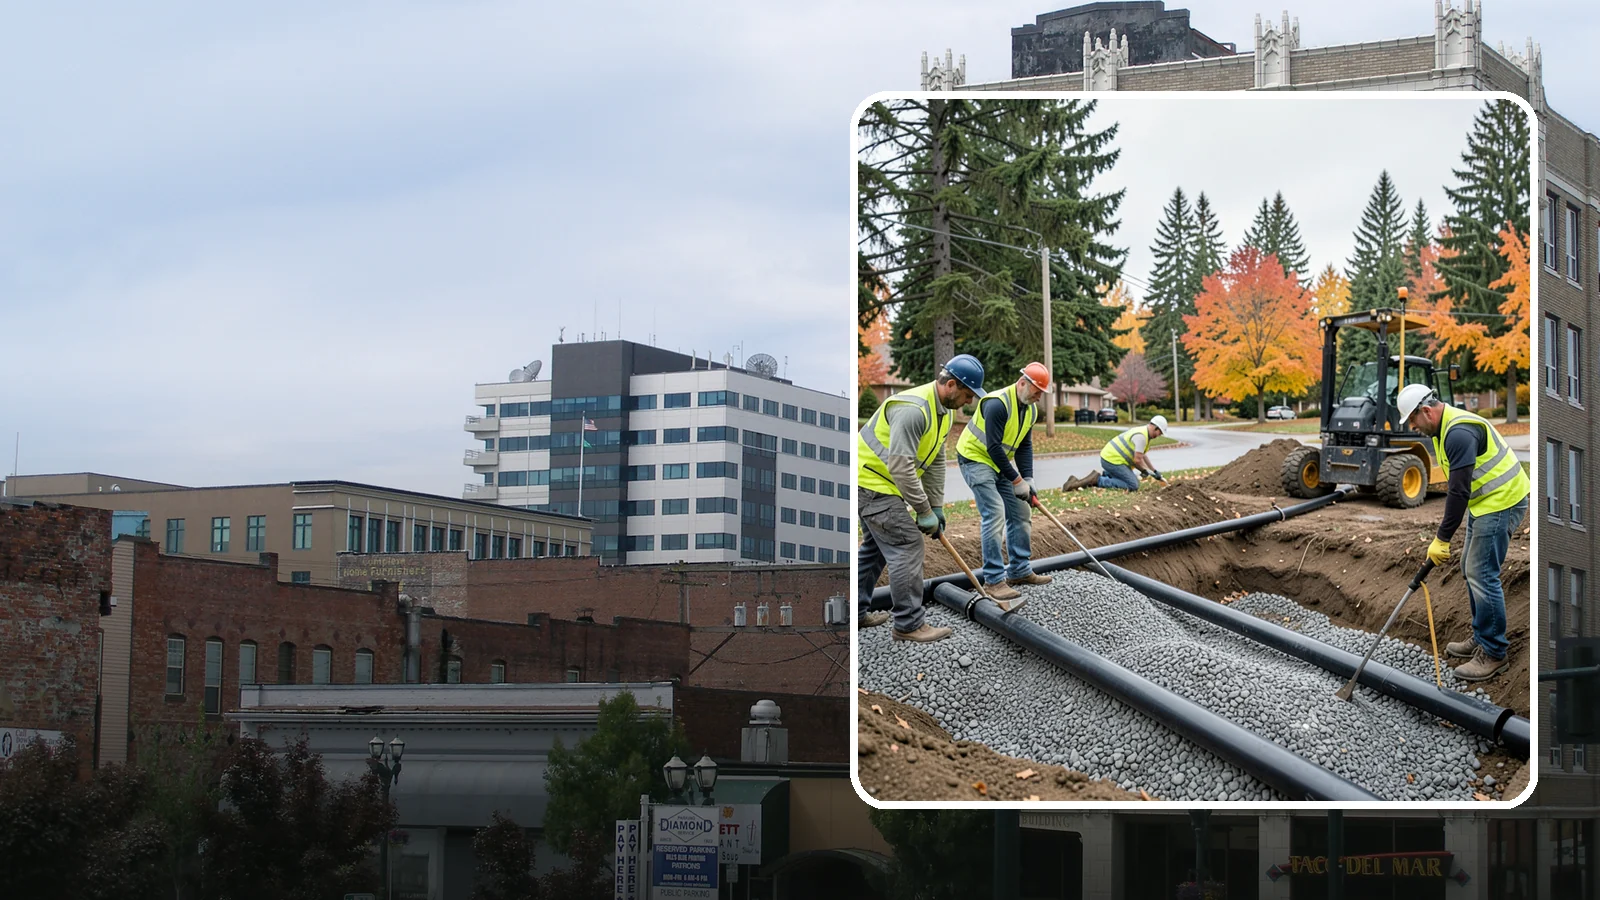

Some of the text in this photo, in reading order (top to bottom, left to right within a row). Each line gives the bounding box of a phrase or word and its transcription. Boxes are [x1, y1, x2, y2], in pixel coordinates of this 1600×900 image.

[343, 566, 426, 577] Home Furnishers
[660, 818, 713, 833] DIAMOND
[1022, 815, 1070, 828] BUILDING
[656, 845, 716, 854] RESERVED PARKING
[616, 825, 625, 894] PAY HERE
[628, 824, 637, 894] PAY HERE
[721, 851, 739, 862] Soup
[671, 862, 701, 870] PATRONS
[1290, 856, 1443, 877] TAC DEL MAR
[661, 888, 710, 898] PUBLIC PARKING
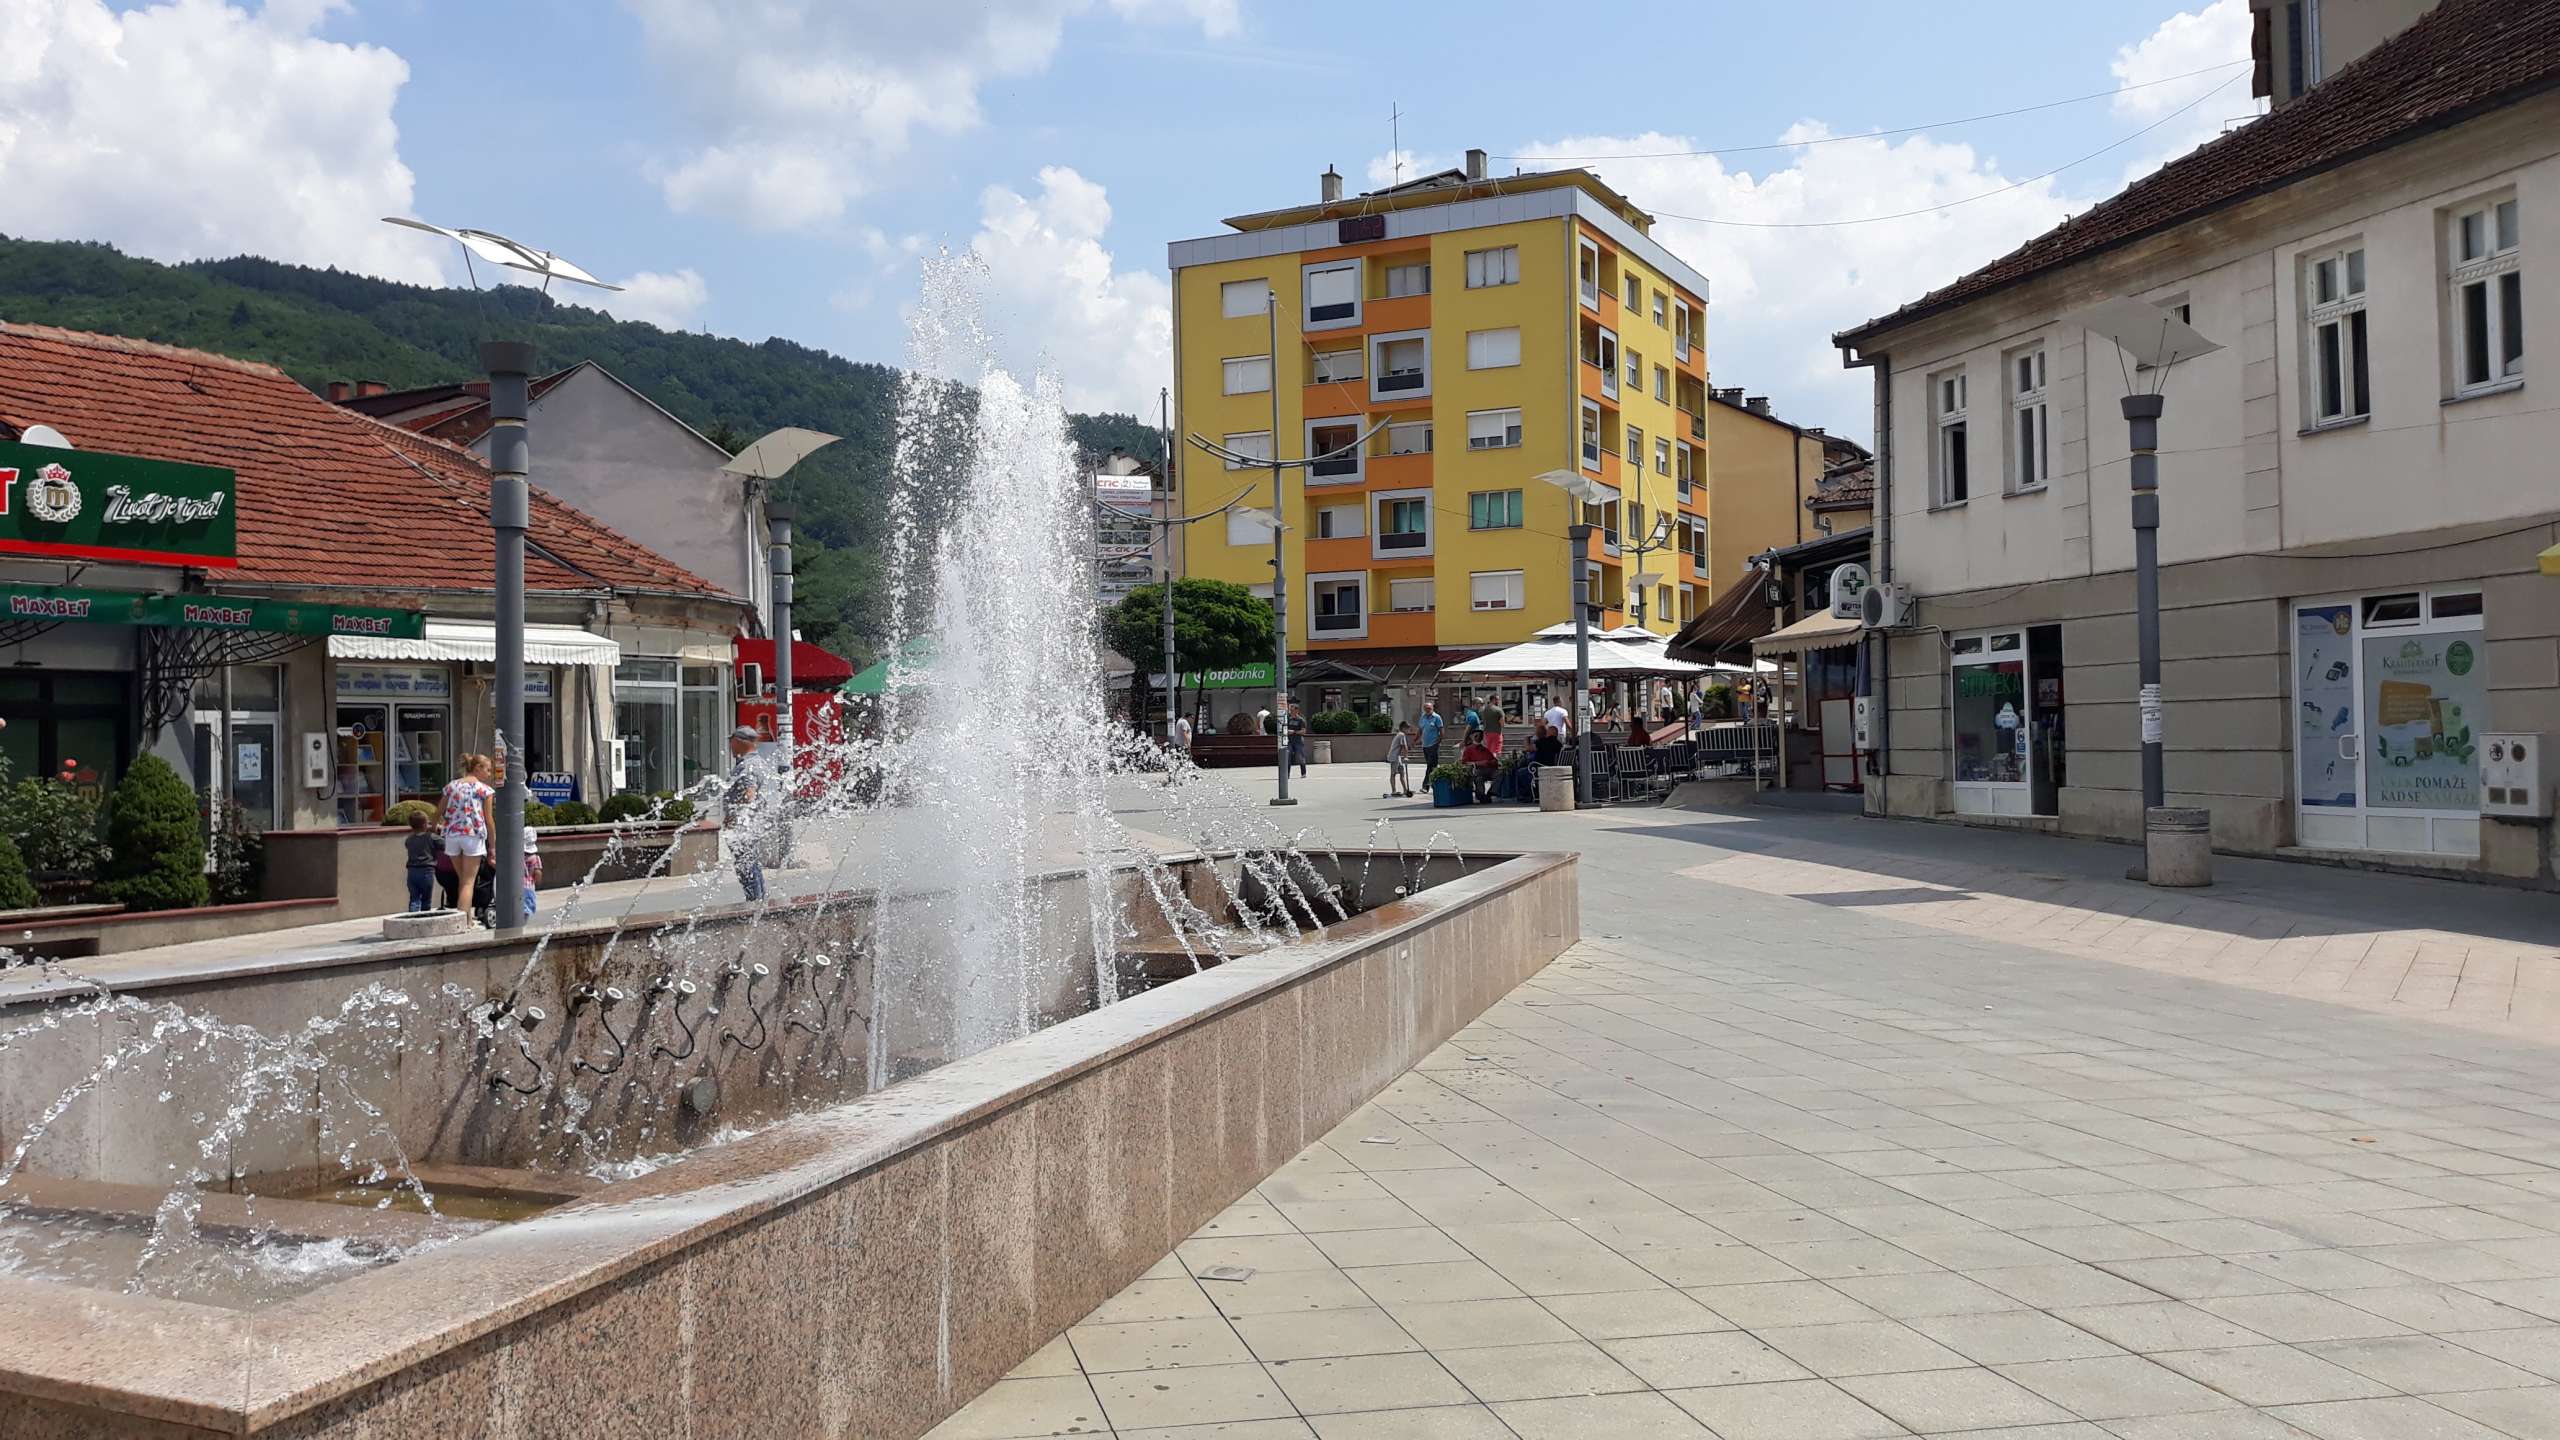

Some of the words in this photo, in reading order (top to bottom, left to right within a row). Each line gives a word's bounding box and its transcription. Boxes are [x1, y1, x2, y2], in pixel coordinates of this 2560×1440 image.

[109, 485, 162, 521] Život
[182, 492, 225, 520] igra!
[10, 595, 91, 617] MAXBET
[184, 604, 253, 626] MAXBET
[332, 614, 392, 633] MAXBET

____

What you are asked to do >> All lines from the one holding "Some of the words" through the end of the entries need to be given again exactly. Leave out the others.

Result of the task >>
Some of the words in this photo, in reading order (top to bottom, left to right within a row). Each line gives a word's bounding box and its transcription. Boxes are [x1, y1, x2, y2], in pixel coordinates of this 2560×1440 image.

[109, 485, 162, 521] Život
[182, 492, 225, 520] igra!
[10, 595, 91, 617] MAXBET
[184, 604, 253, 626] MAXBET
[332, 614, 392, 633] MAXBET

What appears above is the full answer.